The police action and the government announcement took place days after the government rejected the results of a union election. The government claims that SME leader Martin Esparza was elected fraudulently. In response, the SME threatened a strike against the utility. On October 1, 15,000 utility workers marched demanding that the government not interfere with the union’s internal affairs.

SME leaders declared that they plan to call on other unions to join in a national strike against the closure.

 

United States

Worker killed in Missouri industrial accident

A worker recently recalled from layoff was killed October 7 while performing maintenance on an industrial plastics press at the AC Buckhorn plant in Springfield, Missouri. Springfield Police are investigating whether proper maintenance policies were followed to “lock down” the machine that closed down on 31-year -old Tobby Hall, crushing him.

“There’s no way the press can close by itself,” said a former employee to KY3 News, who charges that speedups and disregard for safety are responsible for Hall’s death. “It will not do it. There’s too many safety features on it. This was a human error. That was my biggest fear while I was there, overlooking someone in the press.

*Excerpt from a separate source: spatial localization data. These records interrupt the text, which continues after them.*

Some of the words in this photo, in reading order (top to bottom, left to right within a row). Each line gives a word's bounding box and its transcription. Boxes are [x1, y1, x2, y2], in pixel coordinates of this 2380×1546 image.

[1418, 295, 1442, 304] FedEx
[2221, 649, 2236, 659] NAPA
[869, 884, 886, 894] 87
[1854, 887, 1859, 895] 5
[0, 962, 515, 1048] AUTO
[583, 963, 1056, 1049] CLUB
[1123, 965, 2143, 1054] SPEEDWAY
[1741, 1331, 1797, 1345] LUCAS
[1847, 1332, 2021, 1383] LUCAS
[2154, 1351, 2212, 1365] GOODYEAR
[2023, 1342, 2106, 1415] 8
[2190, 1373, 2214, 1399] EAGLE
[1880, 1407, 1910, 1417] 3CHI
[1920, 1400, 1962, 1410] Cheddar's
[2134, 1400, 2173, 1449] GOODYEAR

I told them you’ve got to pull these molds and do preventative maintenance on it. But in order to do that, that means downtime. It’s just a crying shame. Now there’s a man that’s dead, and his family, he’s got three kids, they don’t have a father anymore.”

The Occupational Safety and Health Administration records reveal that AC Buckhorn was fined in February for five violations and fined again in March for four violations that cost it $3,375.

California-based medical conglomerate implements layoffs

Workers at the Fresno, Santa Rosa and South Sacramento, California medical centers of Kaiser Permanente held rallies over the past two weeks to protest the integrated medical giant’s decision to ax 1,850 jobs throughout California. The decision comes after the health care company announced second quarter profits at the end of June of $620 million.

Kaiser Permanente launched the cuts because of declining membership in its health plan due to rising unemployment, lower Medicare reimbursement rates and the current debates in Congress over health care legislation. Workers received pink slips without any advanced warning.

The Service Employees International Union decried the layoffs. However, a Kaiser statement declared, “We worked collaboratively with our Labor Management Partnership—of which SEIU is a member—and reached an agreement that reflects our values and the philosophy of the Labor Management Partnership.” A Kaiser spokesperson declared: “We believe that this unique agreement and the intensive engagement that led to it more than fulfilled our bargaining obligations. Kaiser Permanente has honored the agreement and expects SEIU-UHW to do the same.”